From El Capitan to here

In 2015 we realised that System Integrity Protection would stop TotalFinder and TotalSpaces2 working on normally configured Macs. At the time, we felt that this would mean the end of those products as general consumer products.

However, it is clear that although we don’t see the sales we used to have, there is still strong support for these products. There remains a market for tools that improve the workflow and usability of your system.

A chink of light

One request we often hear is to allow TotalFinder and TotalSpaces2 to be installed so that they can run with System Integrity Protection (SIP) turned on. And in fact we discovered that this is possibe - we have earlier advised anyone who asked to go through a complex process to install our plugin component in a special system location so that the apps could run on a normally configured Mac.

Having realised we could do this, we wanted to give this option to everyone. We have made it simpler, and in fact, from now on it will be the default method of installation.

TotalFinder and TotalSpaces2 with SIP turned on

The installation process for our apps will be as follows:

  1. Reboot into recovery mode (hold cmd-R during reboot).
  2. Go to utilities->terminal, type csrutil disable, and reboot.
  3. Install TotalSpaces2 and/or TotalFinder and run the app(s),
  4. (Optional) Reboot into recovery mode (hold cmd-R during reboot).
  5. (Optional) Go to utilities->terminal, type csrutil enable, and reboot.

So before installing our apps, turn SIP off, Then once the apps are installed you are free to turn SIP back on.

This new installation method is supported from TotalFinder v1.9.0 and TotalSpaces2 v2.5.4.

If you are upgrading from a previous version, everything will continue to work normally. But in order to turn SIP fully on, you must go through the above process.

You can find more information here for TotalFinder, and here for TotalSpaces2.

Technical details

Both TotalFinder and TotalSpaces2 have a plugin component that lives in /Library/ScriptingAdditions.
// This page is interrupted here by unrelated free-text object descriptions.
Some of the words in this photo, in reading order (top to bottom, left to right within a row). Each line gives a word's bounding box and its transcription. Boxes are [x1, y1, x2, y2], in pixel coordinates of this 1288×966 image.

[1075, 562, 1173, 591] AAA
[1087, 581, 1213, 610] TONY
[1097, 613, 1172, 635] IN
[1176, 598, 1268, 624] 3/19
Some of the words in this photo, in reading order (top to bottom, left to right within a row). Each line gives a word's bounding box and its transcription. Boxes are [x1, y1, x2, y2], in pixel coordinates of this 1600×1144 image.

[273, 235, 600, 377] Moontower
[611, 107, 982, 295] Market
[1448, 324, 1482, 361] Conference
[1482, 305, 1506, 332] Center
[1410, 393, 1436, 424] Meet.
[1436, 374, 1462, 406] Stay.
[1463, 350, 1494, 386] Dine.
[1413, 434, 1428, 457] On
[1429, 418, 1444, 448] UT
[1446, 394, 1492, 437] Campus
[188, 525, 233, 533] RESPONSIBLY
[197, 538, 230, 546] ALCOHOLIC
As a normal user you can allow writing that component there if you allow adminstrator access.

However, plugins in that location cannot be loaded by OSX/MacOS with System Integrity Protection fully turned on.
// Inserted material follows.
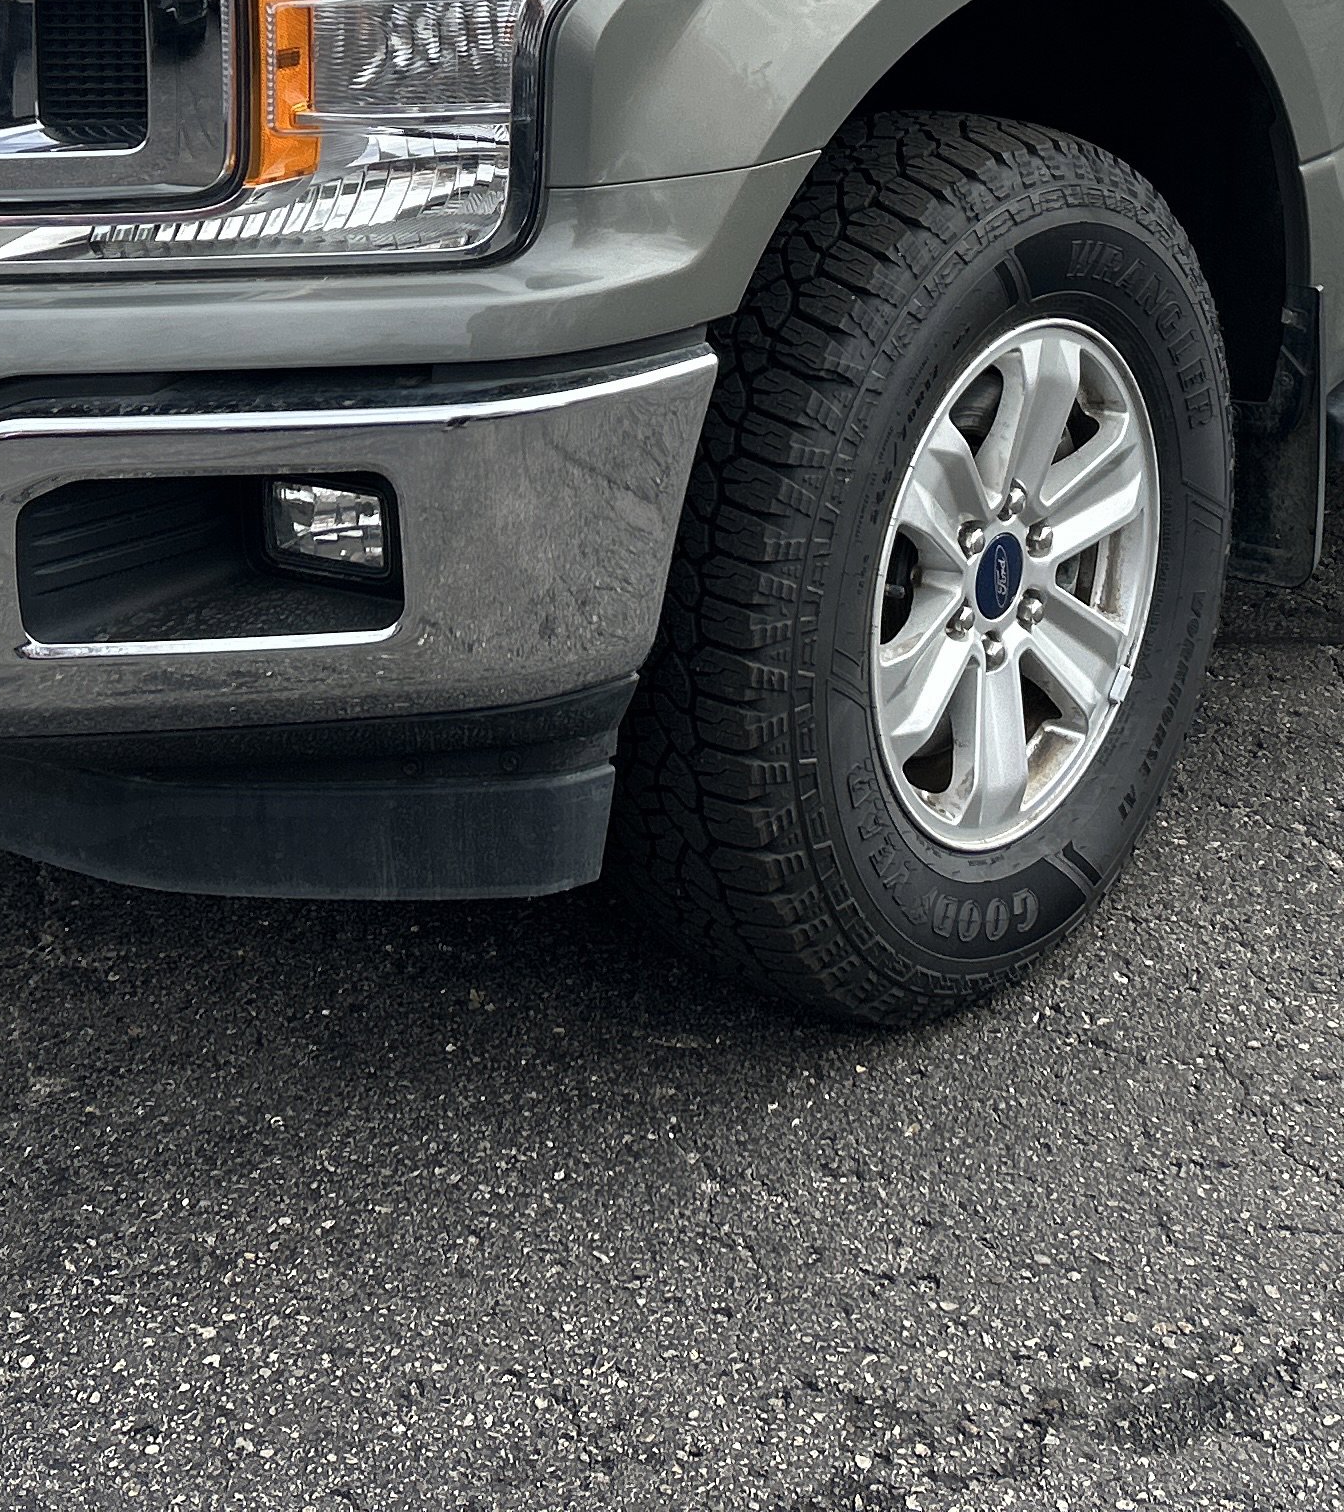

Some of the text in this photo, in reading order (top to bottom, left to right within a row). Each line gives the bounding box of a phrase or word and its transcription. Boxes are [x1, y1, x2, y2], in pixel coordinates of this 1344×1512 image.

[1066, 239, 1214, 429] WRANGLER
[1138, 591, 1205, 779] WORKHORSE
[1117, 784, 1137, 825] AT
It turns out there is another location, /System/Library/ScriptingAdditions from where the system will load plugins even with SIP turned on. However, SIP must be turned off in order to be able to write the plugin there in the first place.

We are changing to using this system location as our primary pluign location. So, for installation, turn SIP off, install and run the apps, then you may freely turn SIP back on.

Risks

Apple “own” the system locations in your file system, and it is entirely possible that they could remove our plugin components during a software update. If this happens, you would need to turn SIP off again in order for the plugin to be re-installed. We don’t think this will happen, but you never know.
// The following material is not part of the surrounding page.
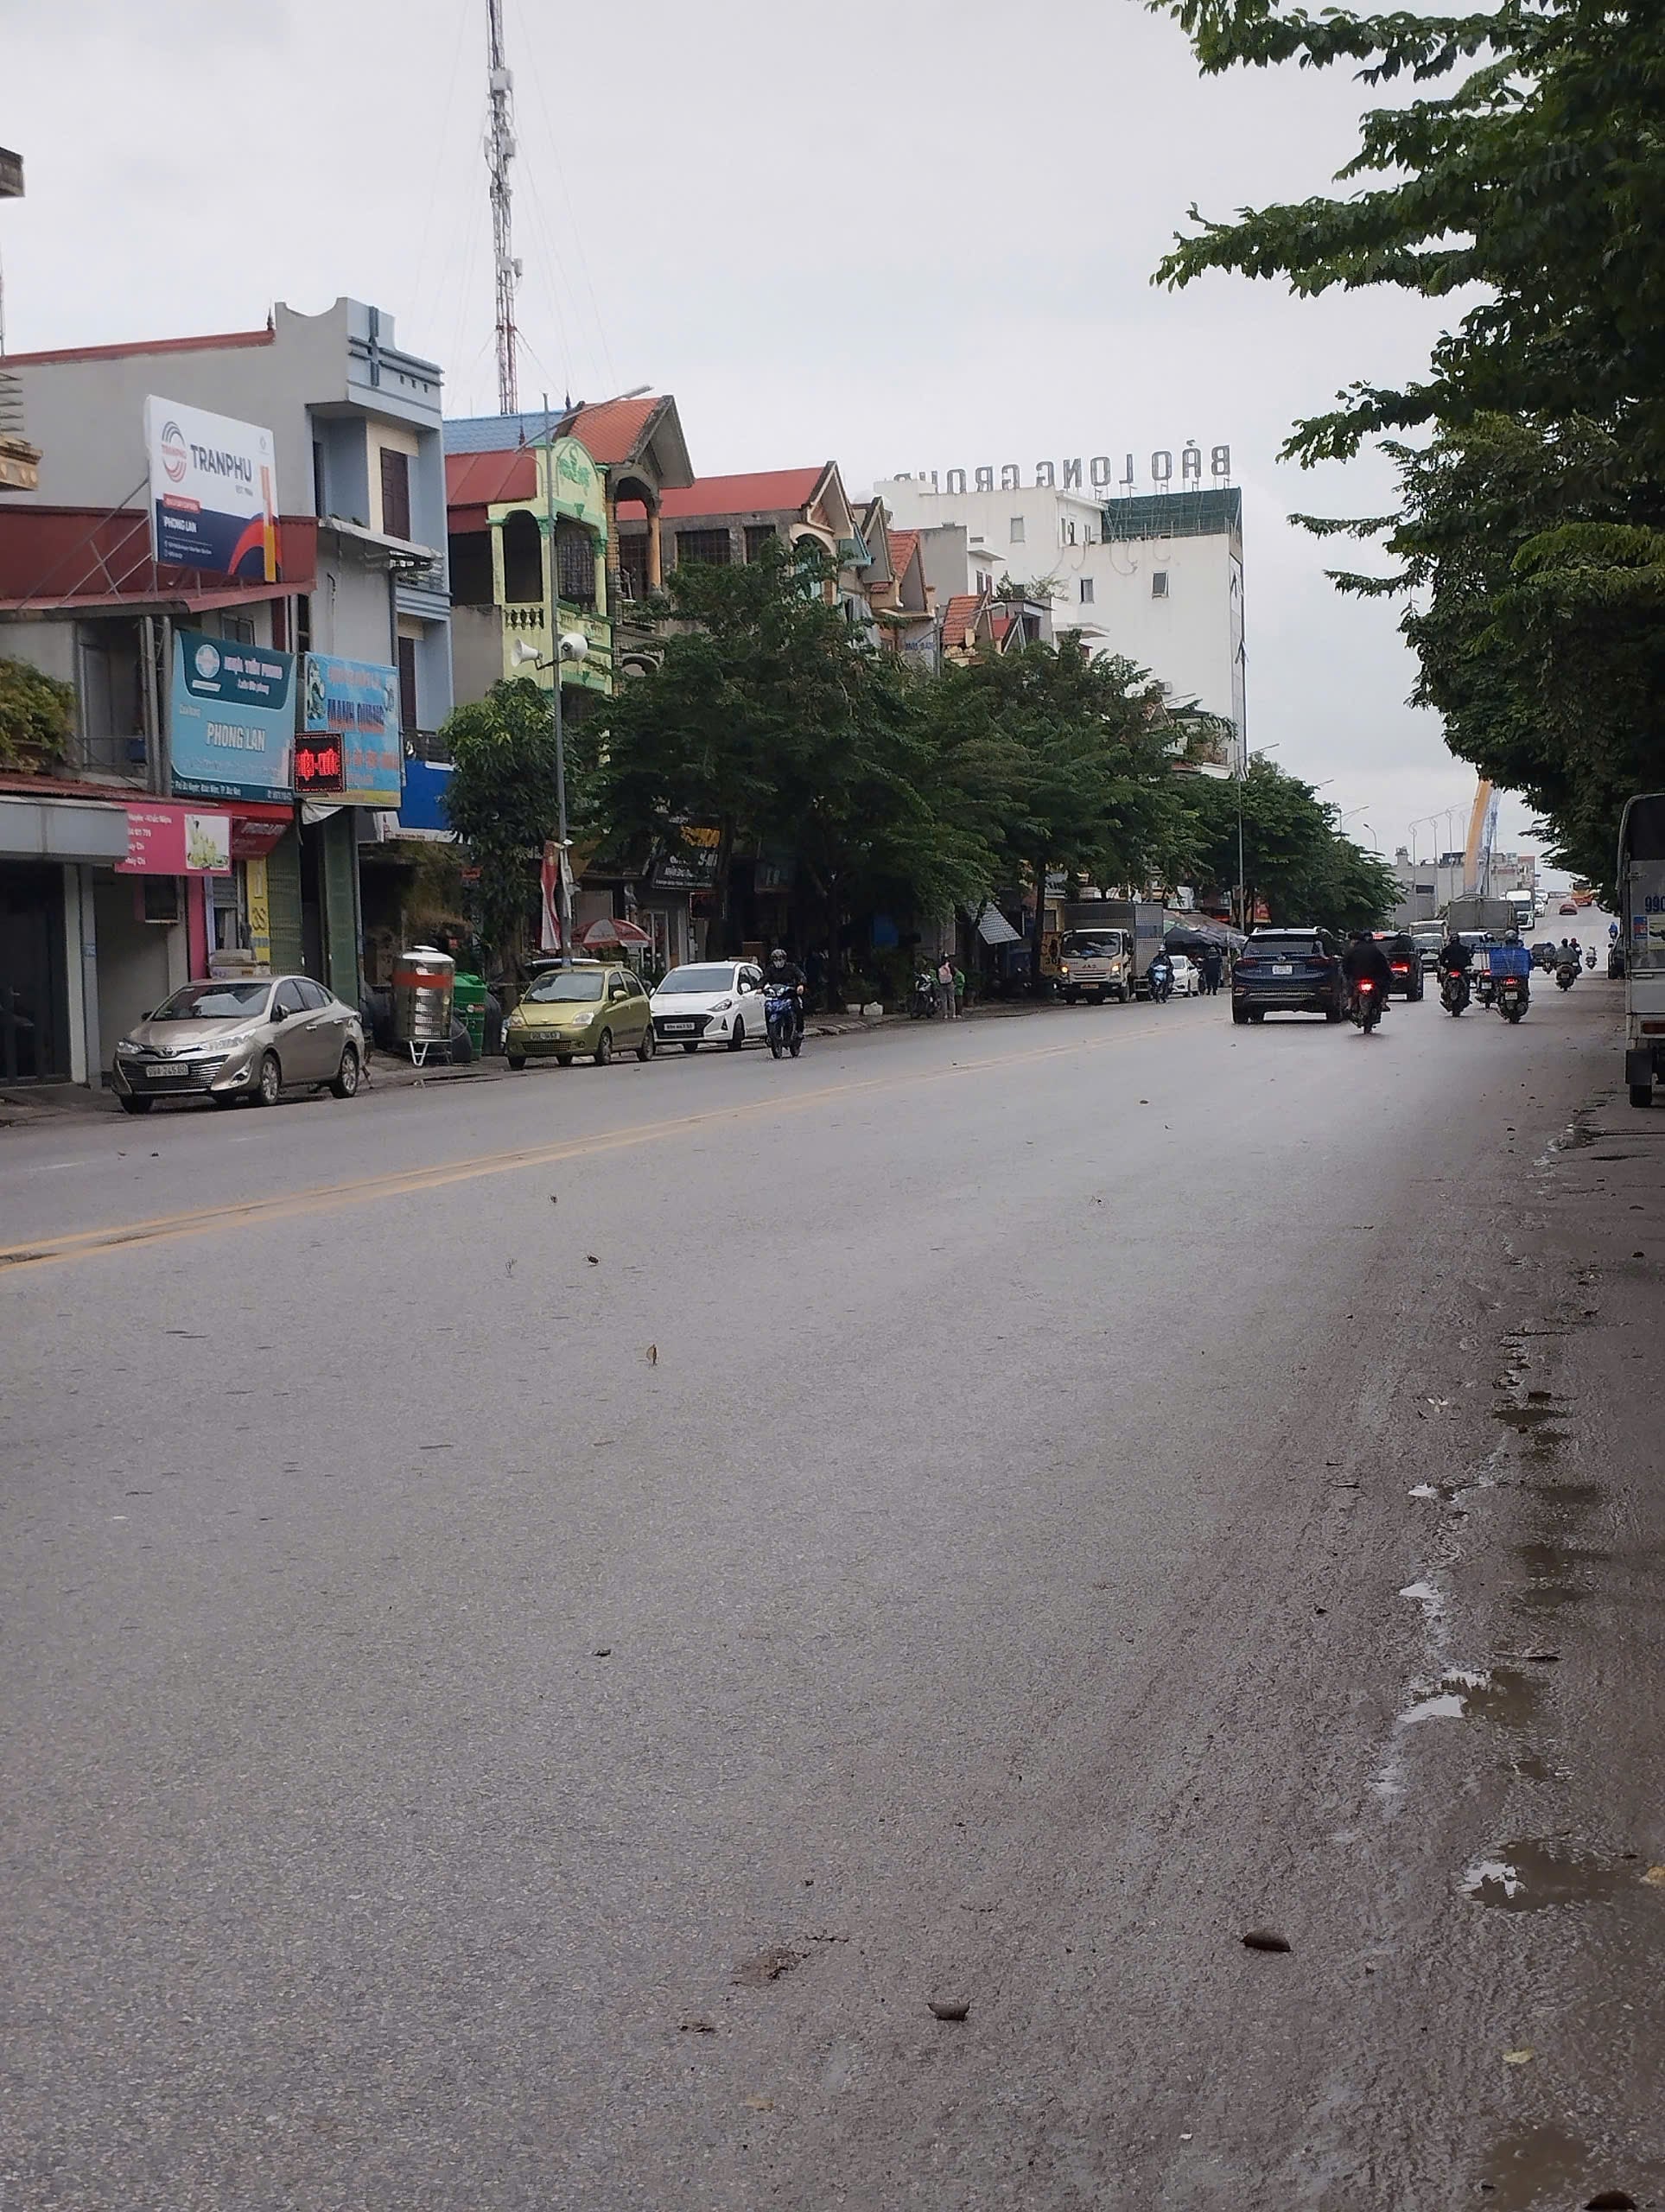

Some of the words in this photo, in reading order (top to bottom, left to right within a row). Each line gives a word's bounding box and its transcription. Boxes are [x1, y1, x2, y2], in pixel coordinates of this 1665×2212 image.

If we have to update our plugin component, this would also require SIP changes, but we are aiming to keep the component stable across many releases.

Final words

Both TotalFinder and TotalSpaces2 have a number of other improvements in this release, so it should be worth upgrading. We are pushing the new binaries out to our pre-release testers today, and to all users soon if everything seems fine. Let us know if you have any problems!